Selama seminggu ini, kuliahku hanya berisi tentang ospek selama tiga hari kemudian dilanjut pelajaran biasa. Aku mengambil jurusan managemen. Sebenarnya aku bukan tipe orang yang suka berhitung, aku awalnya ingin masuk teknik mesin, tapi tidak lolos. Terpaksa, pindah haluan.
Tadi jam setengah lima pagi, Pak Wan sudah berangkat karena panggilan mendadak. Aku yang saat itu sudah bangun entah ksrena apa, tiba-tiba berharap akan sesuatu yang baik.
Benar saja, tak lama berselang Bu Alvi datang hanya mengenakan daster panjang. Aku sudah membuka pintu bahkan sebelum ia sampai. Kemudian dia berlari kecil, memelukku, menciumku, dan kami pun kembali tenggelam dalam nafsu.
Ini sudah satu jam.
"Aaahhh ... aaahhhhh ...!!!"
Bu Alvi bergoyang di atasku, meliuk-liukkan tubuhnya.
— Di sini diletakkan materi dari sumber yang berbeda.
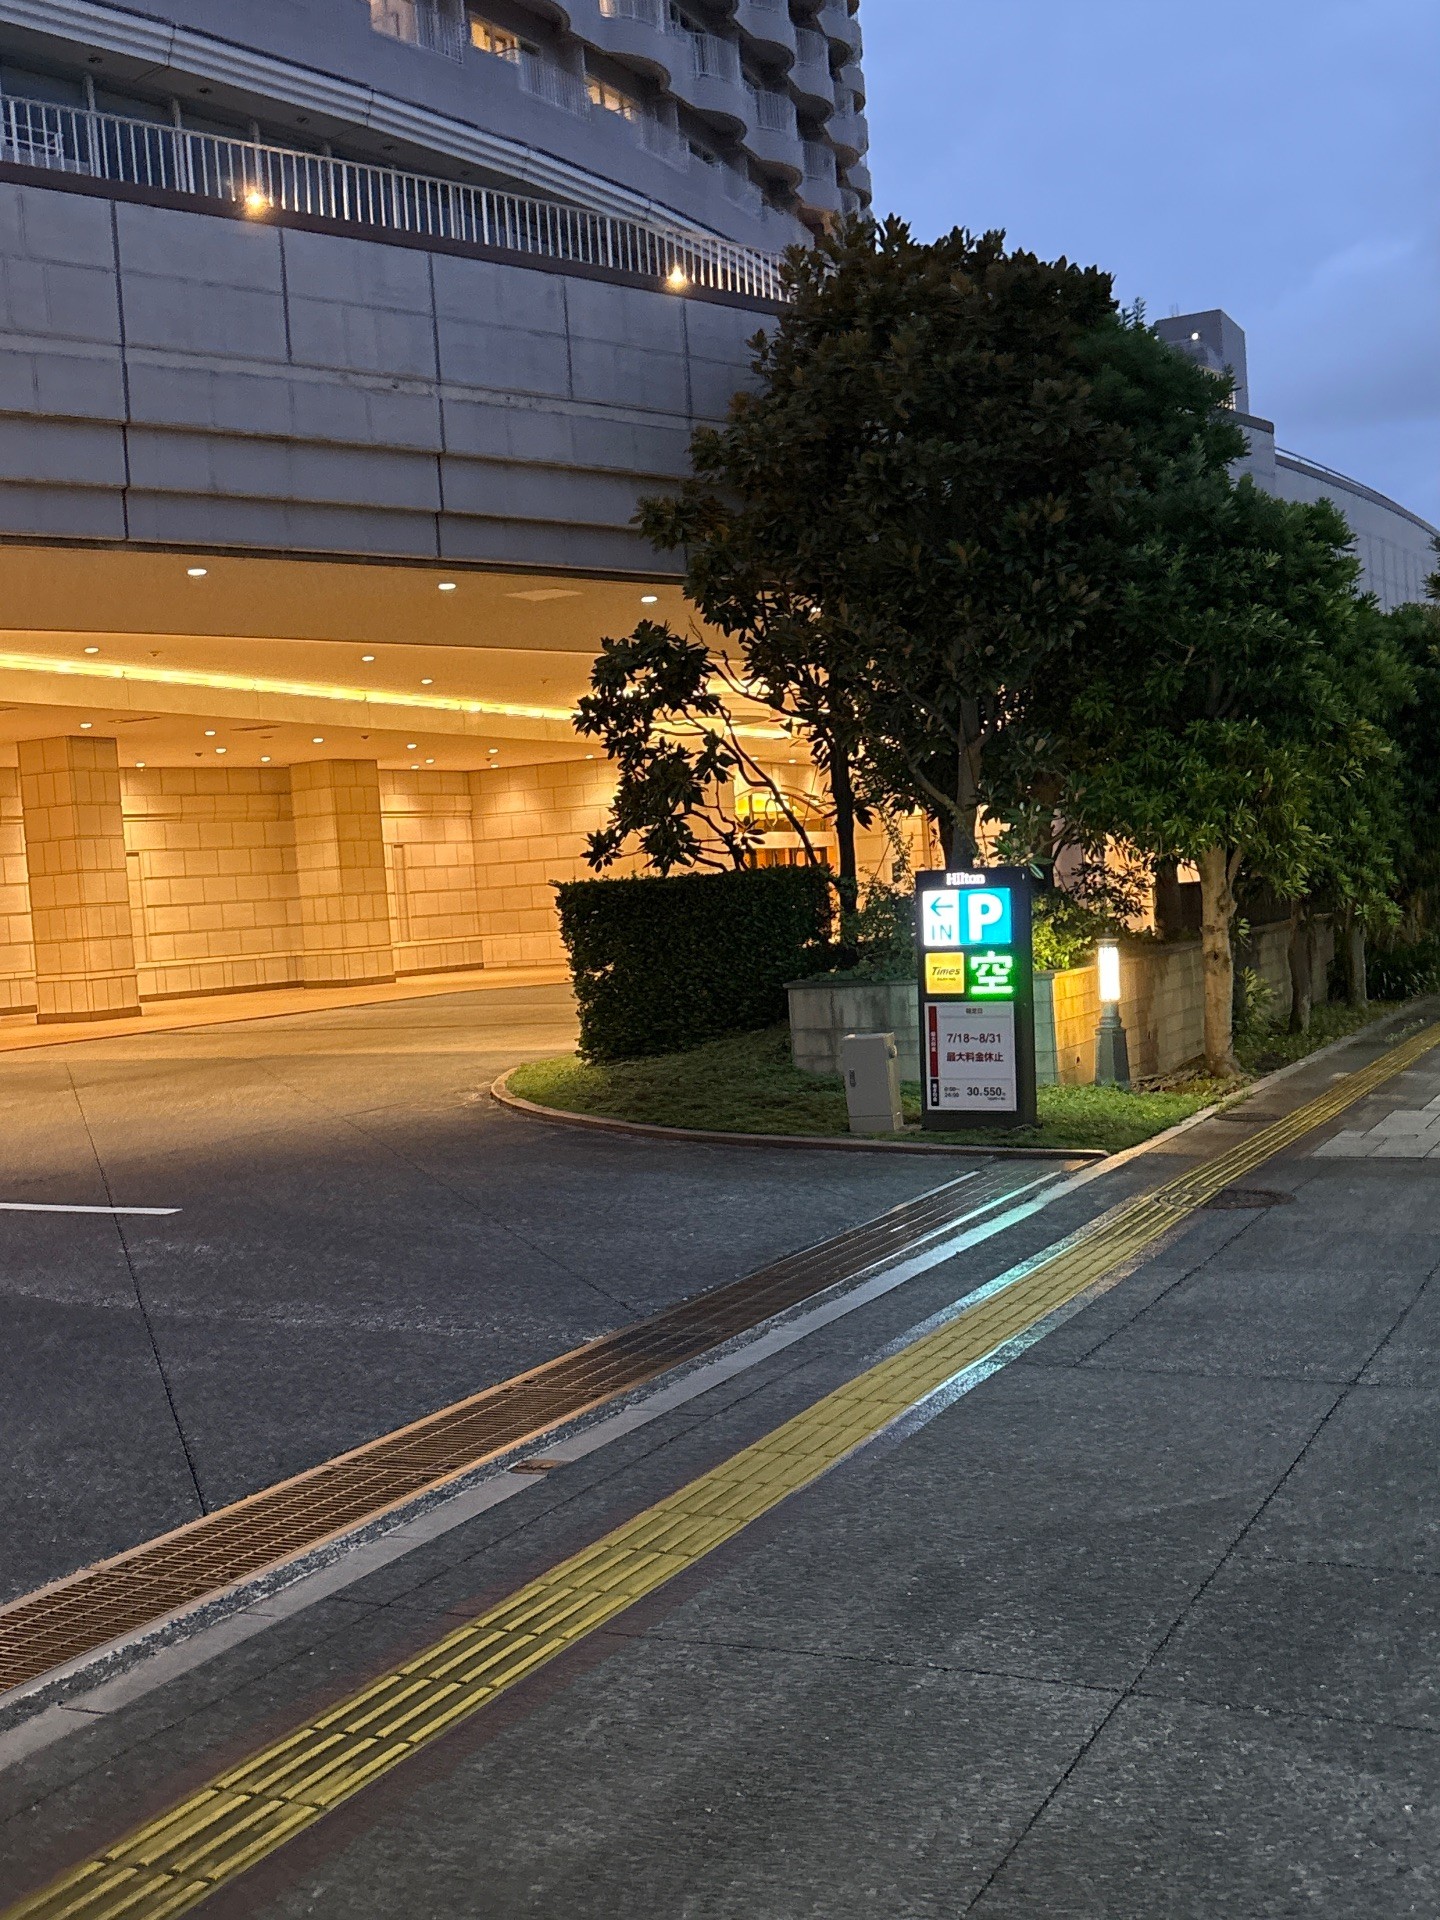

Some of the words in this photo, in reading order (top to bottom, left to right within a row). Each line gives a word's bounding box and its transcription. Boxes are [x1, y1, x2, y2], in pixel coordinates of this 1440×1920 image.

[946, 872, 986, 886] Hilton
[967, 893, 1003, 942] P
[932, 924, 952, 940] IN
[931, 966, 961, 976] Times
[970, 950, 1014, 994] 空
[946, 1052, 1004, 1062] 最大料金休止
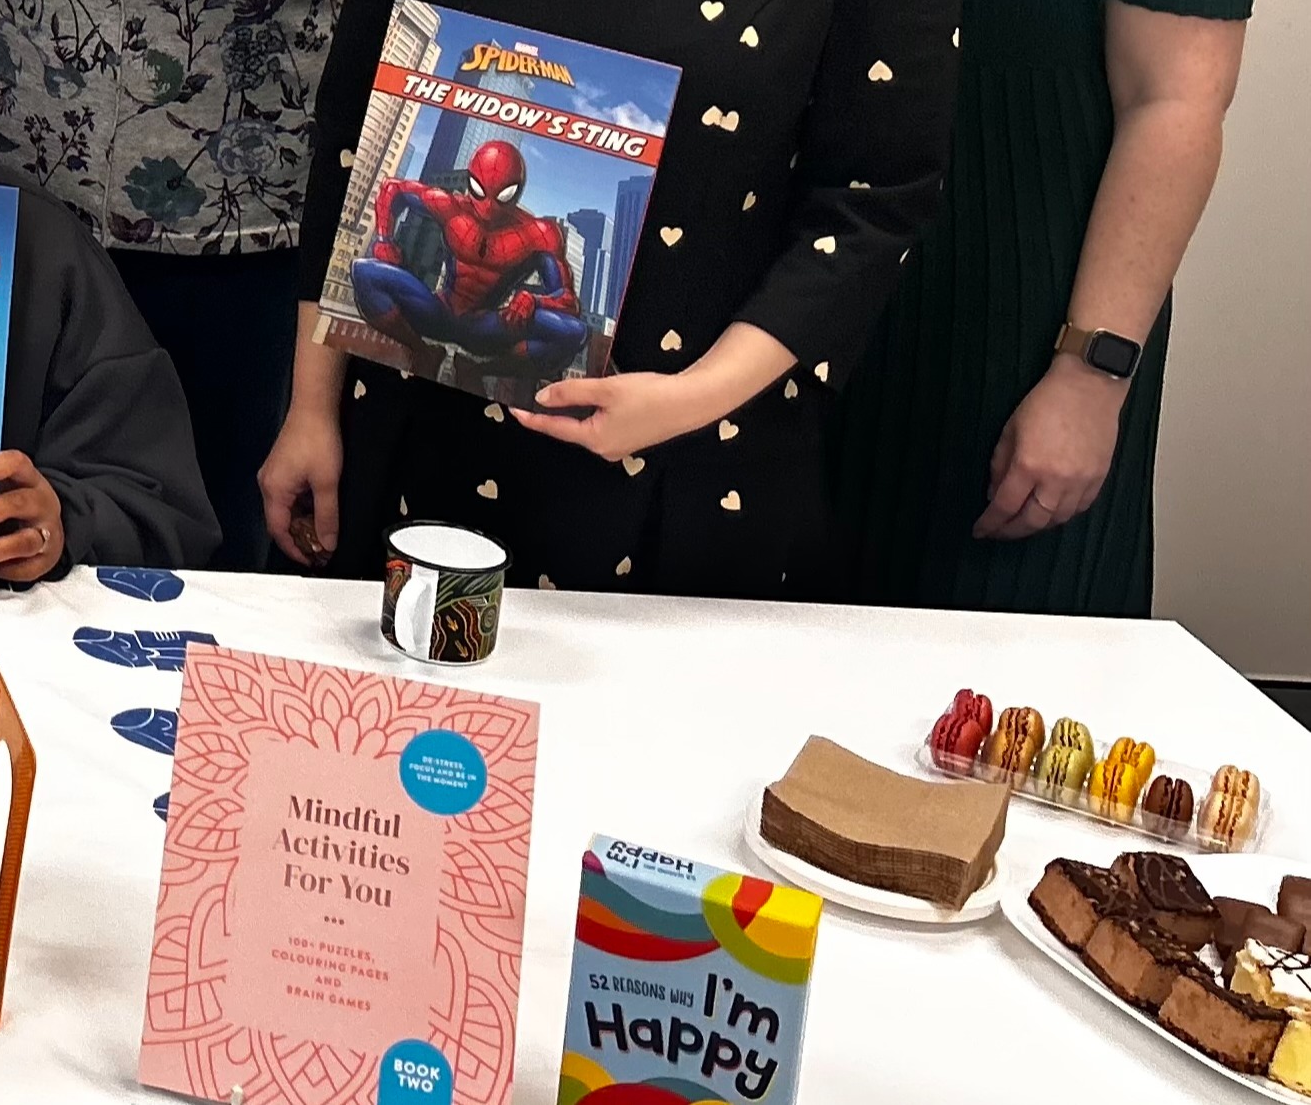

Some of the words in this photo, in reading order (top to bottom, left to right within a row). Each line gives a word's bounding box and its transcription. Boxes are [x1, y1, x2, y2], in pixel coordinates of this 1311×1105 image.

[460, 43, 576, 87] SPIDER-MAN
[402, 74, 453, 105] THE
[452, 82, 570, 137] WIDOW'S
[567, 120, 650, 159] STING
[287, 794, 402, 840] Mindful
[271, 827, 412, 877] Activities
[283, 862, 334, 896] For
[339, 873, 393, 909] You
[271, 948, 348, 974] COLOURING
[349, 964, 391, 983] PAGES
[318, 940, 377, 965] PUZZLES,
[286, 983, 326, 1002] BRAIN
[328, 993, 372, 1013] GAMES
[315, 974, 343, 989] AND
[589, 973, 610, 991] 52
[612, 975, 666, 1002] REASONS
[669, 988, 695, 1009] WHY
[703, 972, 780, 1045] I'm
[393, 1057, 441, 1081] BOOK
[583, 1000, 779, 1101] Happy
[397, 1073, 434, 1094] TWO
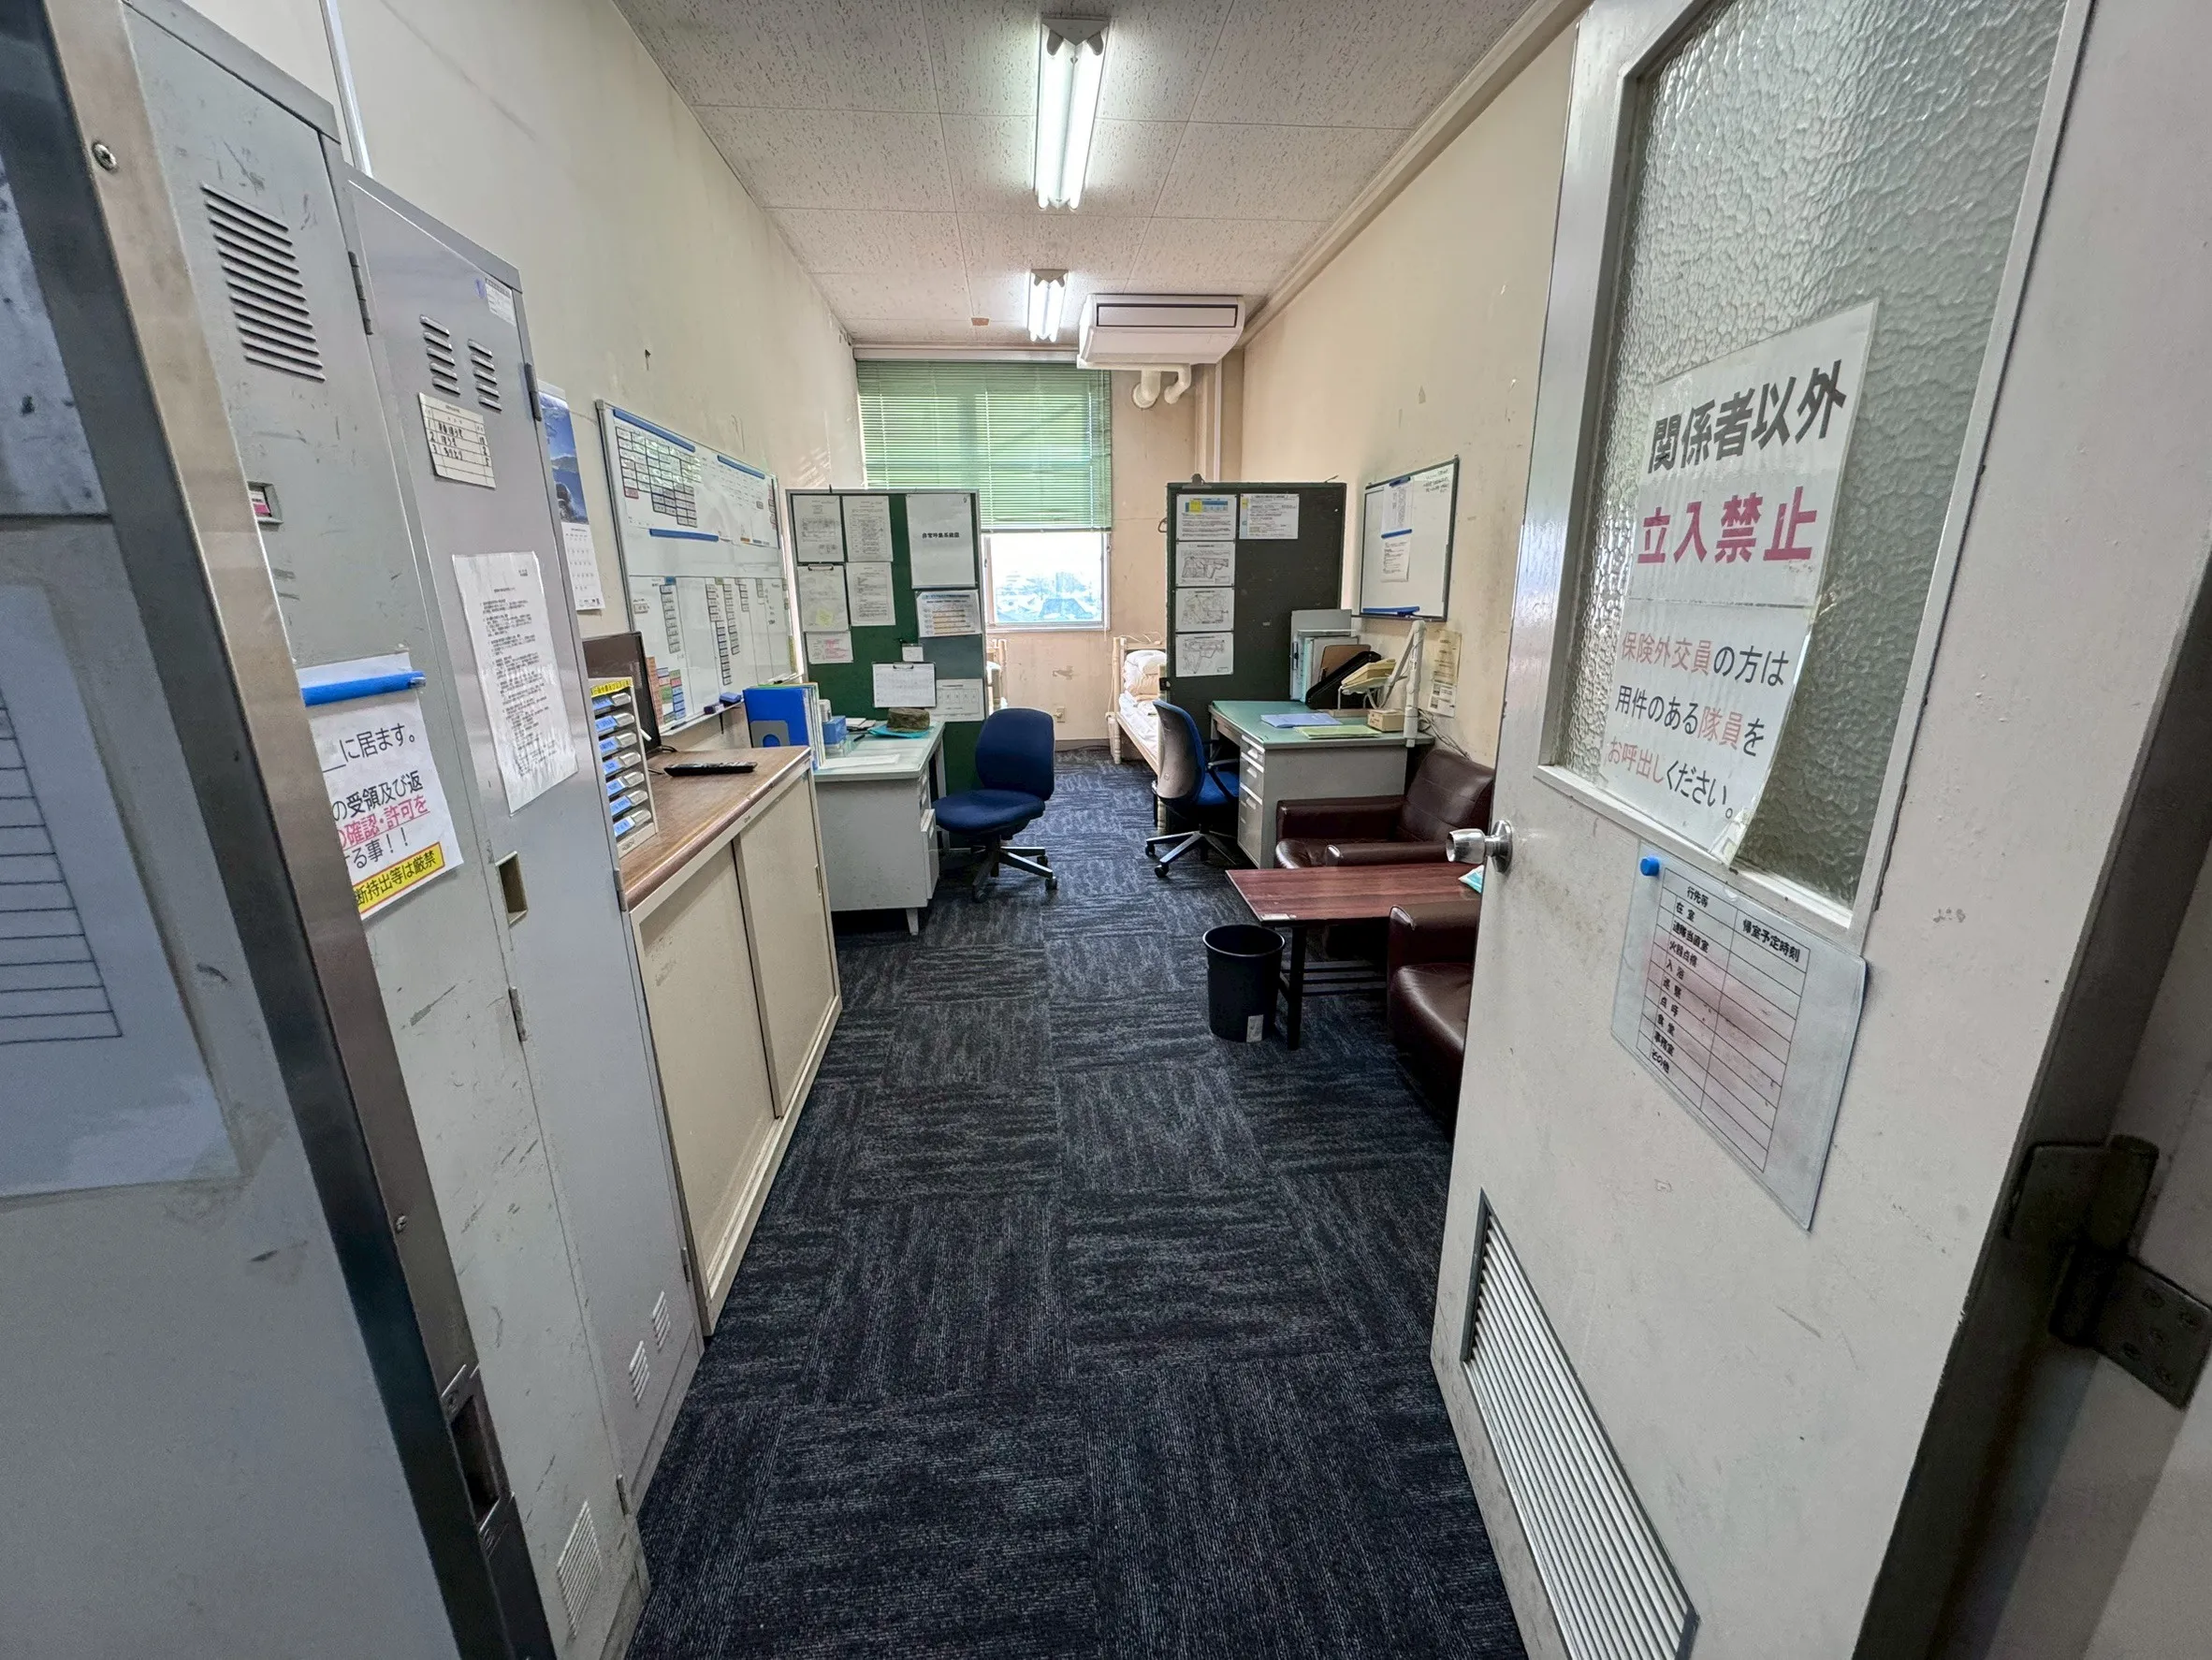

Keringat menyiprat dari ujung puting ke mulutku yang terbuka. Rasa asin keringat Bu Alvi membuatku tambah sange.
"Bu ... aku pengen coba."
"Eh?" goyangan Bu Alvi melambat. "Coba apa, Nak?"
Ahhh ... senyumnya itu, senyumnya sungguh membuatku candu.
"Saya pengen cobain genjot Ibu."
Goyangannya benar-benar berhenti.
"Eh?" Senyumnya hilang, sesaat kemudian terbit kembali. "Tapi kamu belum pernah ngentot selain sama Ibu, kan?"
"Tapi saya penasaran."
Ya, walau sudah ngentot dengan Bu Alvi berkali-kali, selama ini lebih tepatnya aku yang dientot. Aku selalu pasrah ketika Bu Alvi bergoyang panas. Aku sama sekali belum tahu cara ngentot. Aku ingin ngentotin Bu Alvi, bukan dientotin!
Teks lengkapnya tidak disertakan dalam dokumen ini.